> [Task directions]: What is needed is the full set of records, word for word, with no pictures.
□ □ □ □
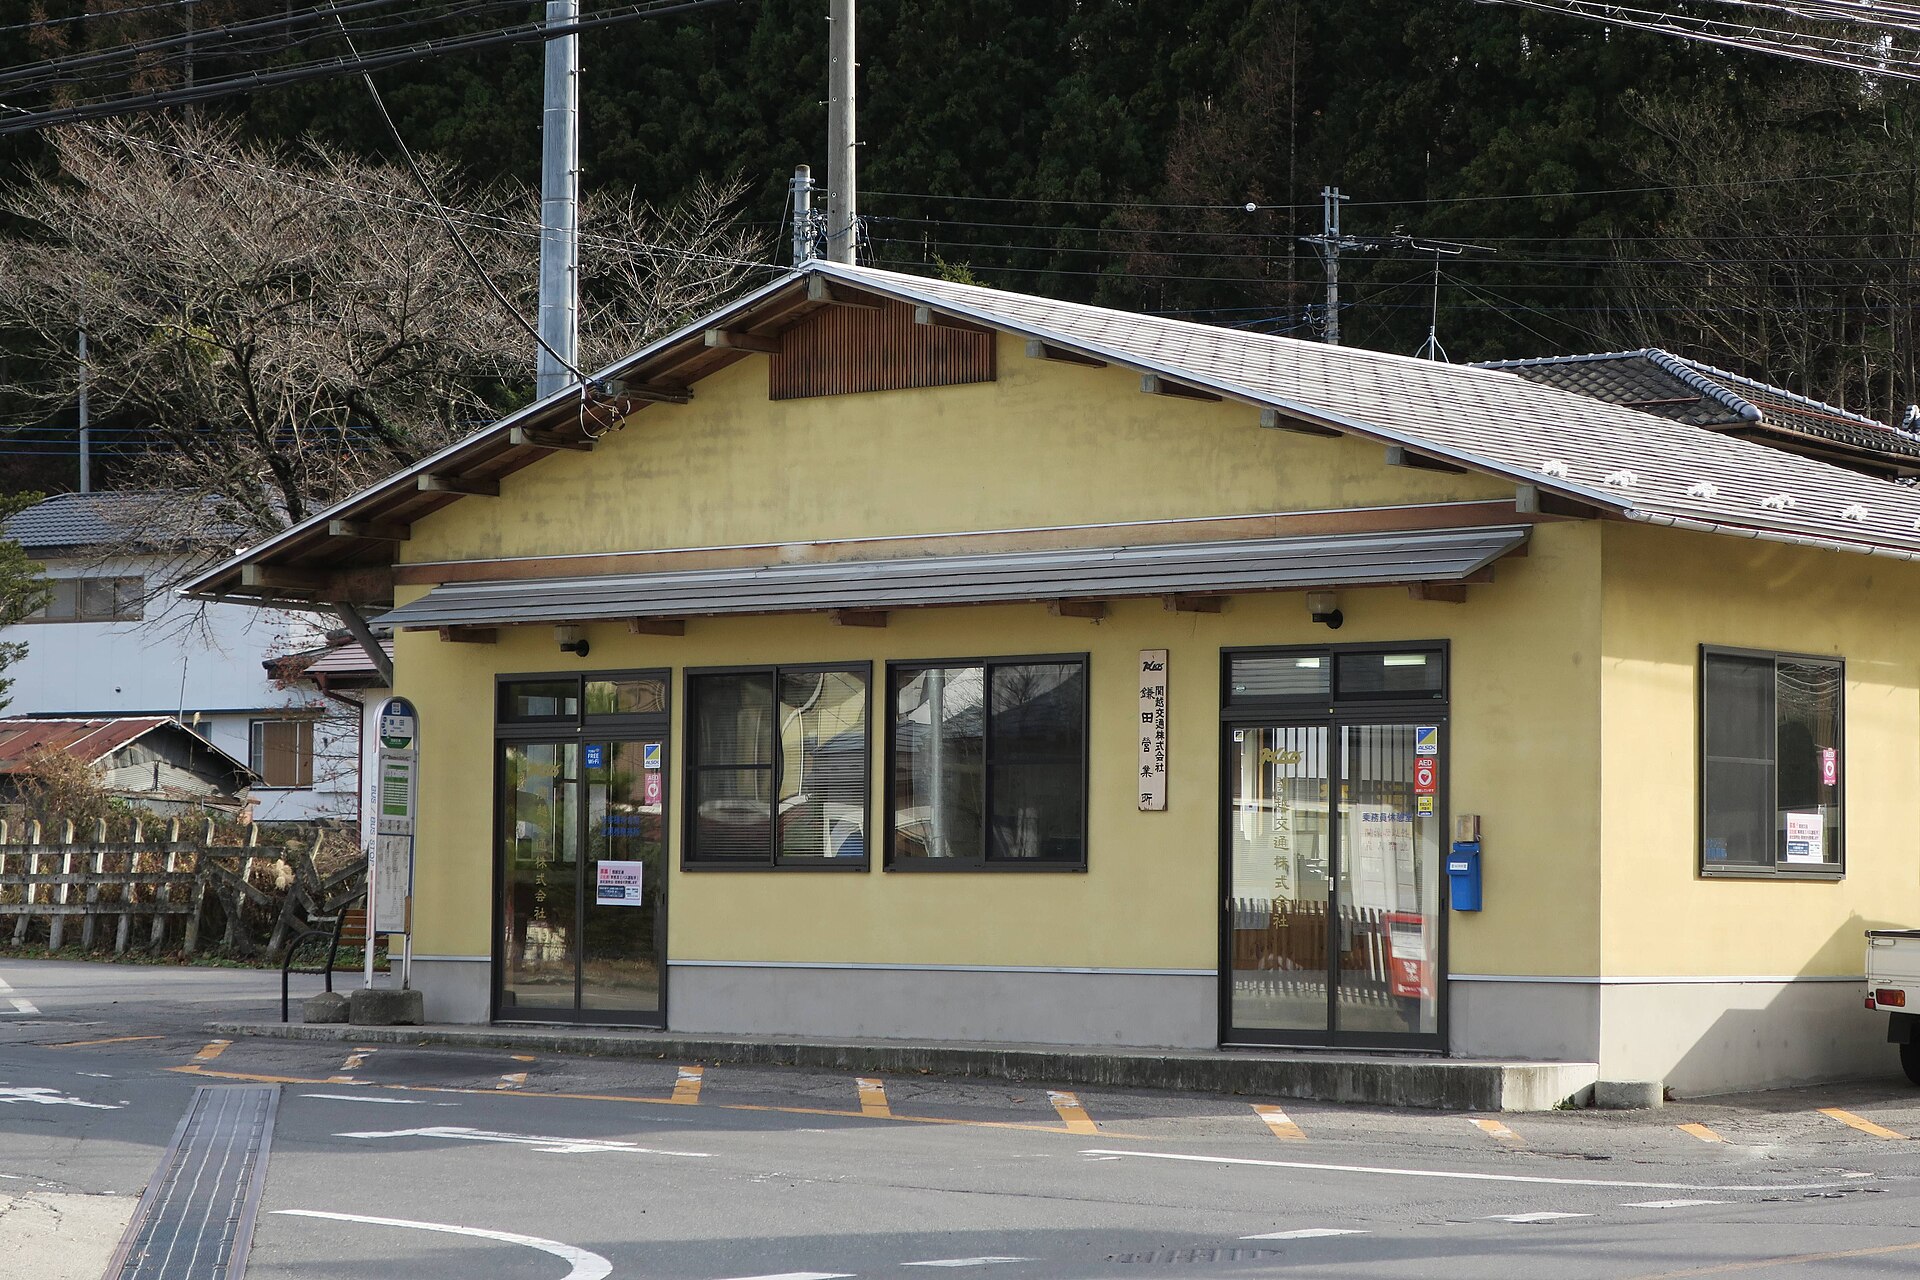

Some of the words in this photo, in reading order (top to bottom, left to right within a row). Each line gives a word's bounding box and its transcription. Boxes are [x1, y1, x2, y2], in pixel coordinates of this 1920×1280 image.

[1155, 685, 1165, 773] 関越交通株式会社
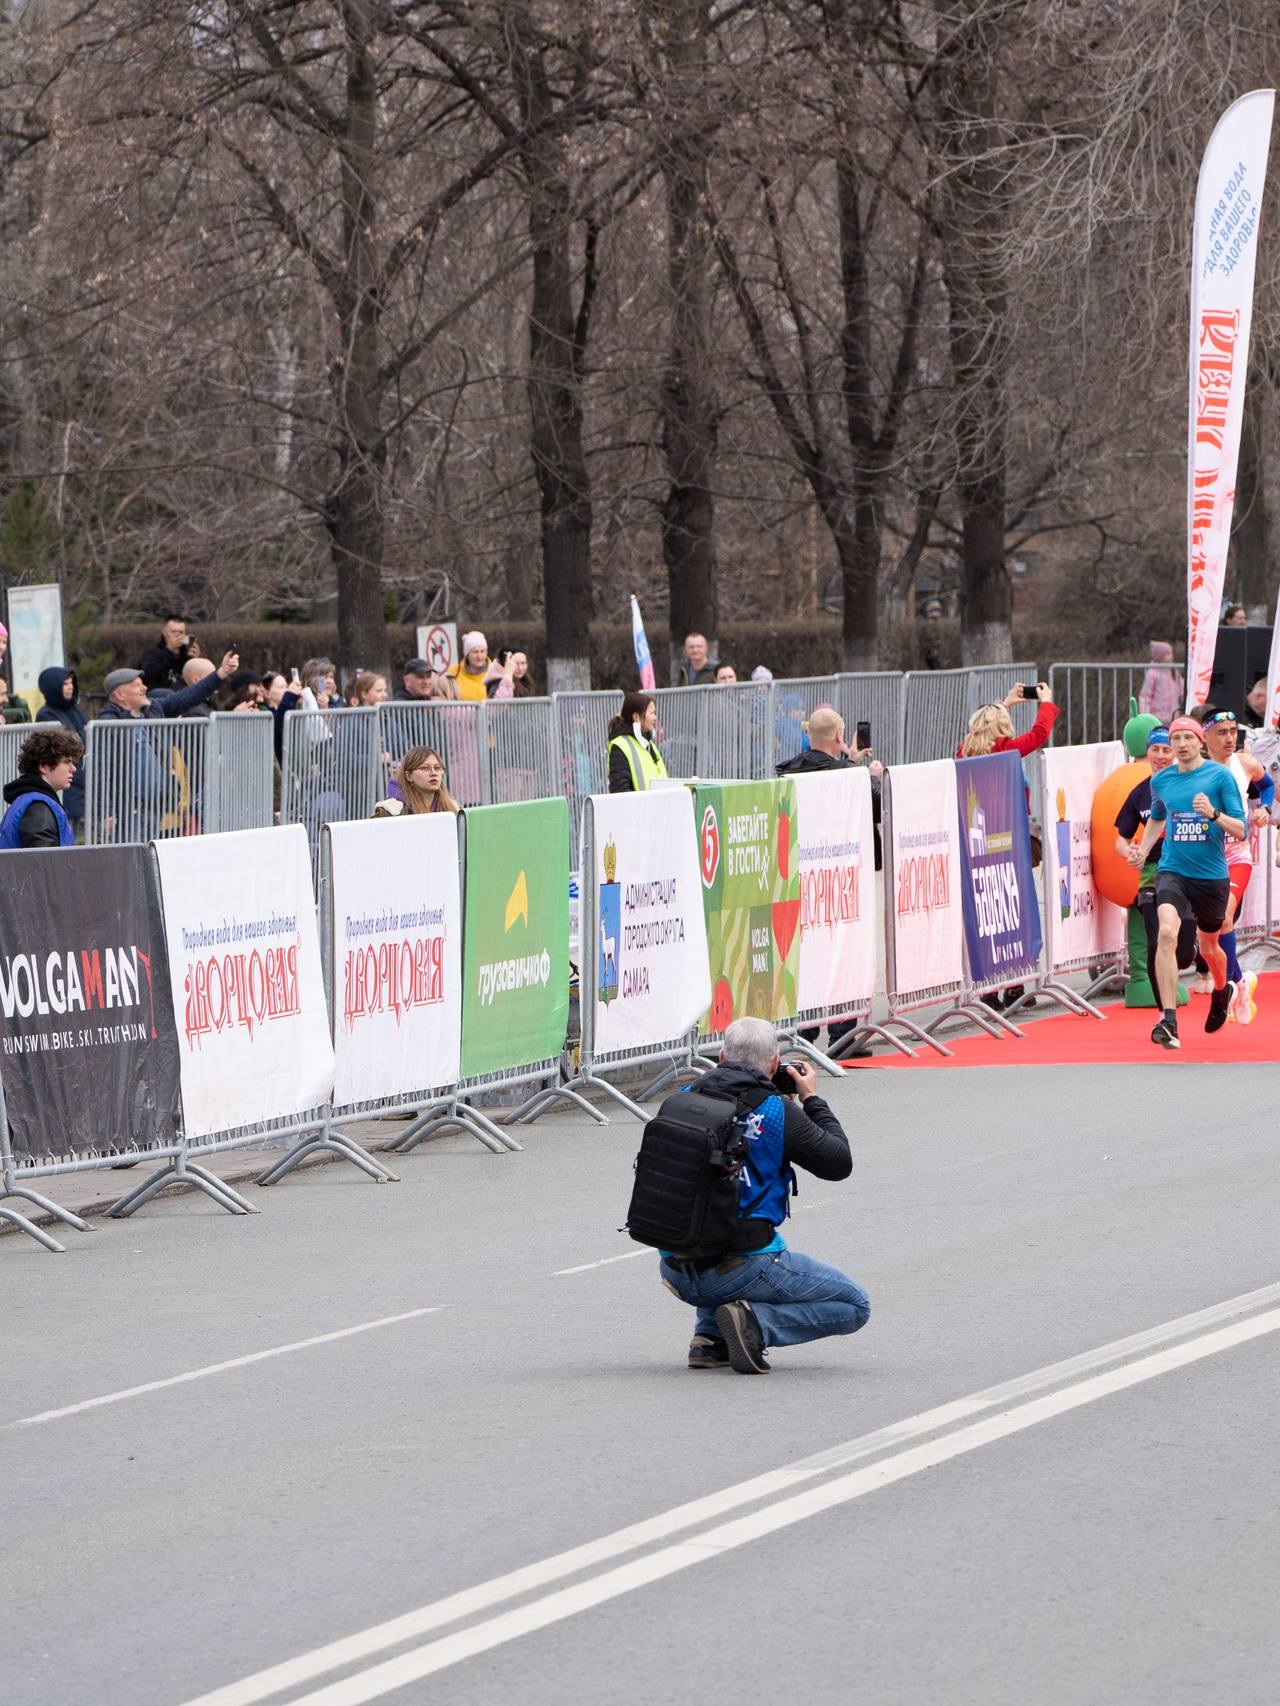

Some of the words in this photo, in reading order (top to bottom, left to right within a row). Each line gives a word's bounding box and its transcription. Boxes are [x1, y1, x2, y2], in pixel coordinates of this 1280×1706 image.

[1226, 162, 1247, 200] ВОДА
[1225, 189, 1251, 241] ВАШЕГО
[728, 806, 769, 845] ЗАБЕГАЙТЕ
[1176, 823, 1202, 835] 2006
[728, 848, 734, 876] В
[735, 845, 761, 875] ГОСТИ
[182, 926, 214, 952] Природная
[216, 917, 231, 944] вода
[232, 917, 243, 941] для
[244, 919, 267, 940] вашего
[751, 927, 770, 949] VOLGA
[184, 945, 301, 1051] ДВОРЦОВАЯ
[622, 966, 650, 999] САМАРА
[2, 1037, 23, 1055] RUN
[25, 1033, 50, 1053] SWIM
[52, 1031, 74, 1050] BIKE
[79, 1029, 93, 1047] SKI
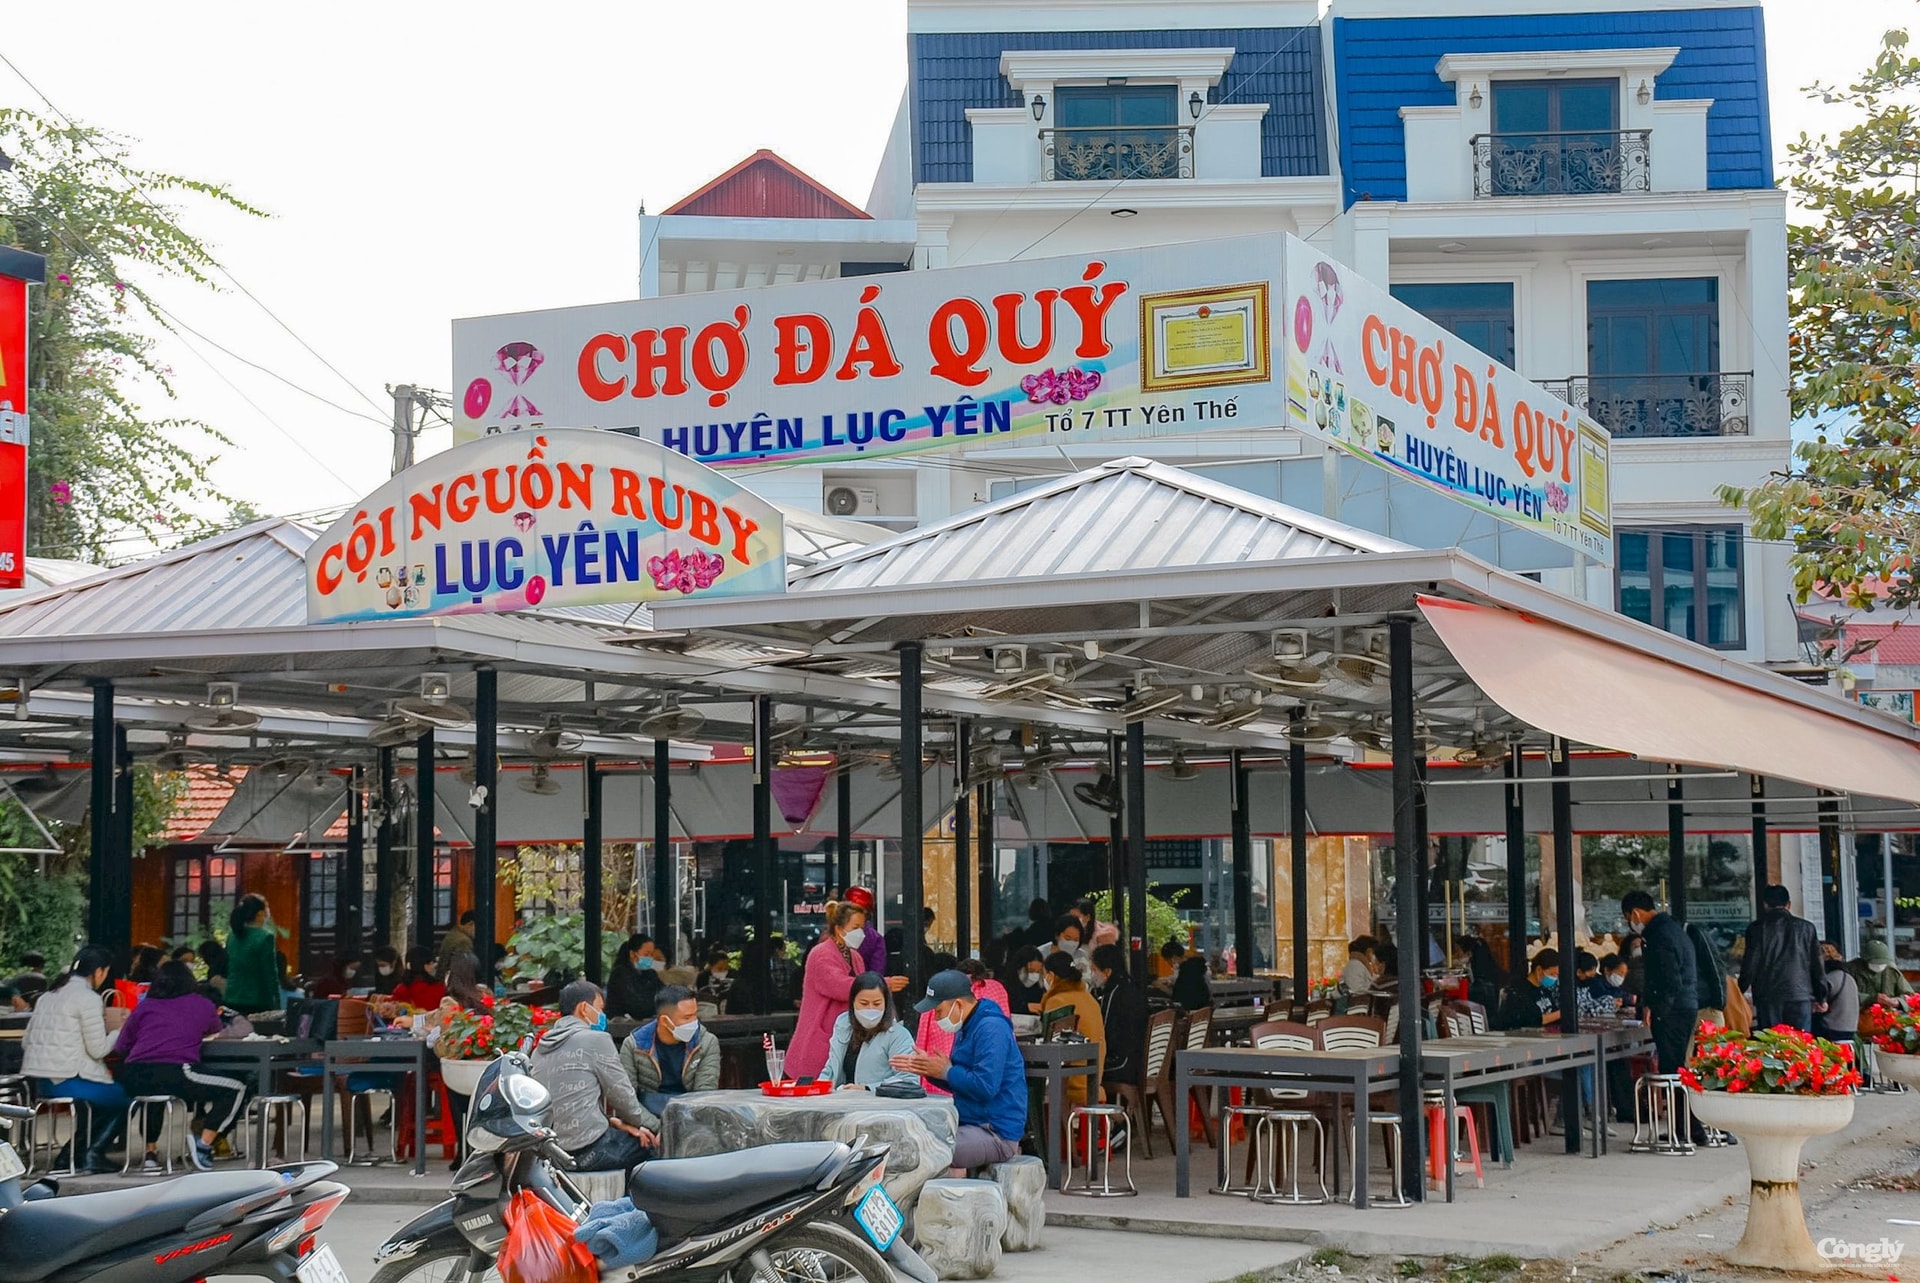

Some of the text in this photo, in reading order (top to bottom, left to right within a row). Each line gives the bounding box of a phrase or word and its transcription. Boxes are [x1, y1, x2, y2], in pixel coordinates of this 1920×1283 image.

[577, 261, 1129, 407] CHỢ ĐÁ QUÝ
[1045, 395, 1239, 432] Tổ 7 TT Yên Thế
[1361, 313, 1444, 429] CHỢ
[1453, 364, 1504, 449] ĐÁ
[1513, 400, 1575, 483] QUÝ
[662, 394, 1011, 458] HUYỆN LỤC YÊN
[1405, 433, 1543, 522] HUYỆN LỤC YÊN
[316, 435, 759, 596] CỘI NGUỒN RUBY
[1563, 520, 1568, 537] 7
[1570, 525, 1578, 541] TT
[434, 520, 641, 605] LỤC YÊN
[462, 1213, 494, 1232] YAMAHA
[703, 1216, 766, 1252] JUPITER
[875, 1208, 898, 1243] 6910
[154, 1232, 234, 1265] VISION
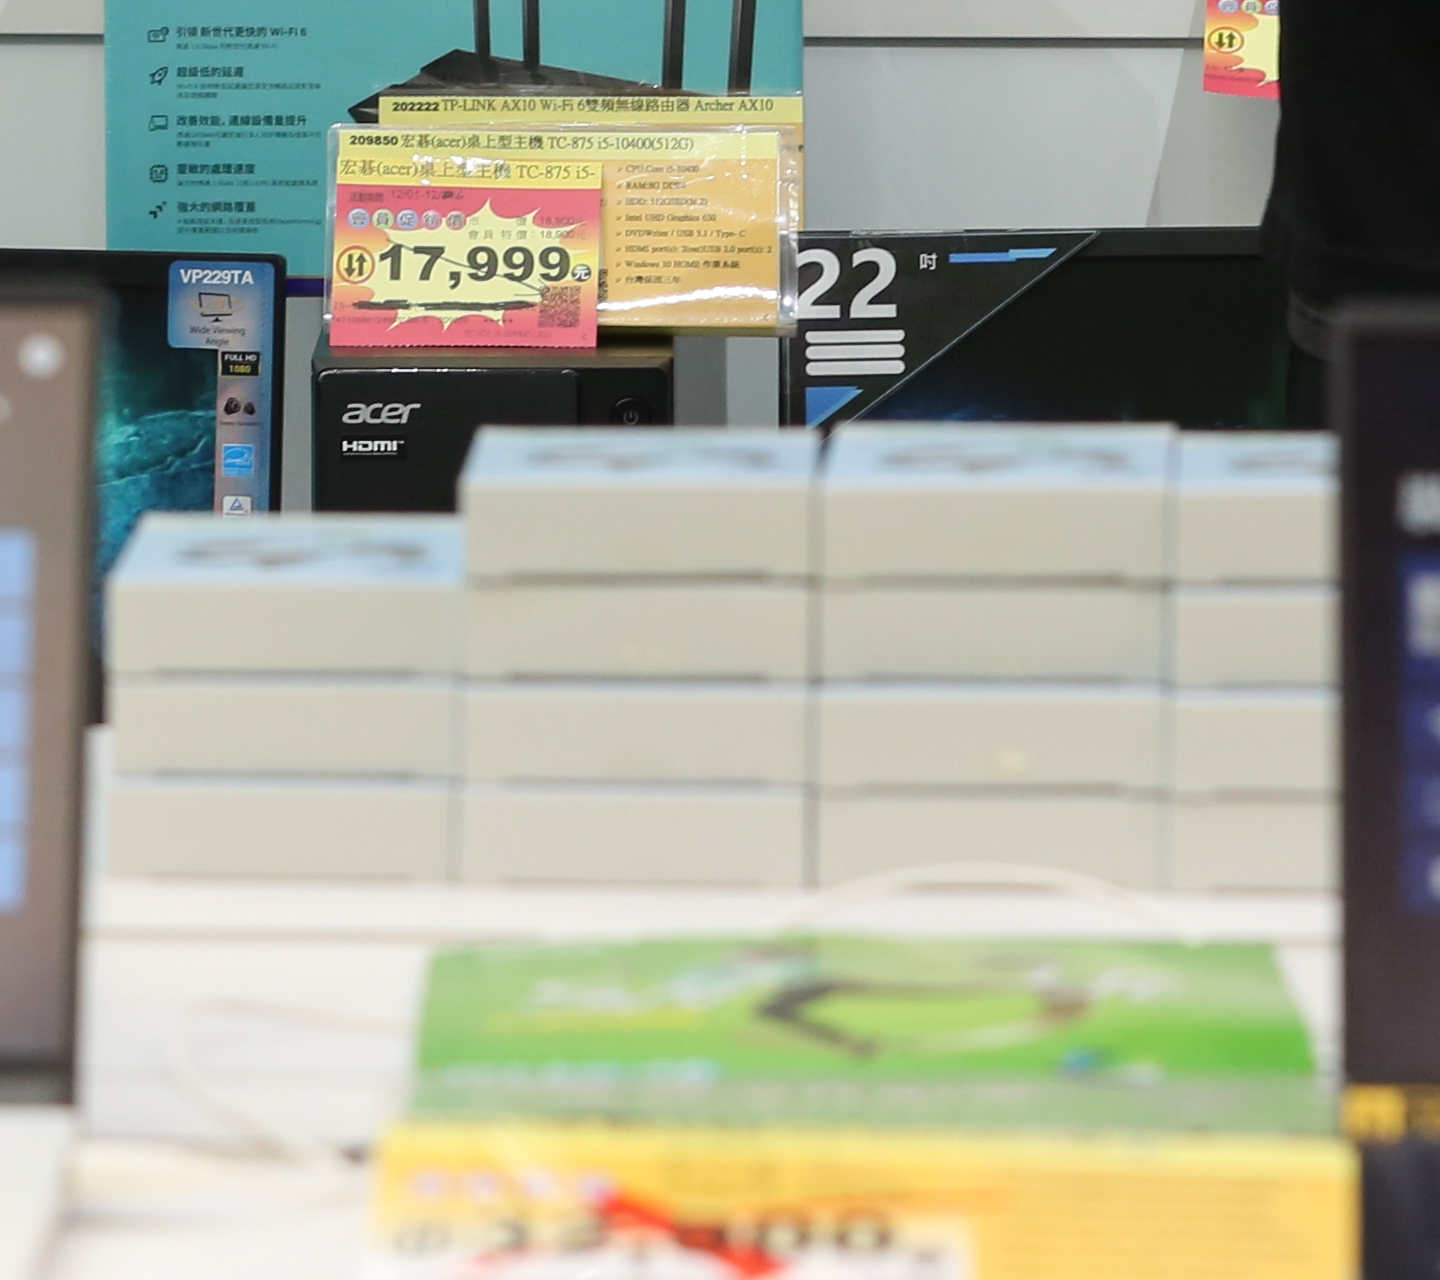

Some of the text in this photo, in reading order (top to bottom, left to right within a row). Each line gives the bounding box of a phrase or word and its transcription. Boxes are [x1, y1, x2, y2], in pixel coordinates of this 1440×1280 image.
□ □ □ □
> [Solution to this problem]:
Some of the words in this photo, in reading order (top to bottom, left to right within a row). Each line gives a word's bounding box and its transcription. Boxes are [x1, y1, x2, y2], in pixel coordinates of this 1920×1280 image.

[1155, 685, 1165, 773] 関越交通株式会社

Some of the words in this photo, in reading order (top to bottom, left to right within a row). Each line gives a word's bounding box and its transcription. Boxes are [x1, y1, x2, y2], in pixel coordinates of this 1280×1706 image.

[1226, 162, 1247, 200] ВОДА
[1225, 189, 1251, 241] ВАШЕГО
[728, 806, 769, 845] ЗАБЕГАЙТЕ
[1176, 823, 1202, 835] 2006
[728, 848, 734, 876] В
[735, 845, 761, 875] ГОСТИ
[182, 926, 214, 952] Природная
[216, 917, 231, 944] вода
[232, 917, 243, 941] для
[244, 919, 267, 940] вашего
[751, 927, 770, 949] VOLGA
[184, 945, 301, 1051] ДВОРЦОВАЯ
[622, 966, 650, 999] САМАРА
[2, 1037, 23, 1055] RUN
[25, 1033, 50, 1053] SWIM
[52, 1031, 74, 1050] BIKE
[79, 1029, 93, 1047] SKI

Some of the text in this photo, in reading order (top to bottom, left to right within a row). Each line gives the bounding box of a phrase or word and its transcription. Boxes are [x1, y1, x2, y2], in pixel coordinates of this 1920×1283 image.

[577, 261, 1129, 407] CHỢ ĐÁ QUÝ
[1045, 395, 1239, 432] Tổ 7 TT Yên Thế
[1361, 313, 1444, 429] CHỢ
[1453, 364, 1504, 449] ĐÁ
[1513, 400, 1575, 483] QUÝ
[662, 394, 1011, 458] HUYỆN LỤC YÊN
[1405, 433, 1543, 522] HUYỆN LỤC YÊN
[316, 435, 759, 596] CỘI NGUỒN RUBY
[1563, 520, 1568, 537] 7
[1570, 525, 1578, 541] TT
[434, 520, 641, 605] LỤC YÊN
[462, 1213, 494, 1232] YAMAHA
[703, 1216, 766, 1252] JUPITER
[875, 1208, 898, 1243] 6910
[154, 1232, 234, 1265] VISION

Some of the text in this photo, in reading order (top to bottom, left to right within a row). Each line gives the bounding box of a phrase or word and its transcription. Boxes are [x1, y1, x2, y2], in pixel coordinates of this 1440×1280 image.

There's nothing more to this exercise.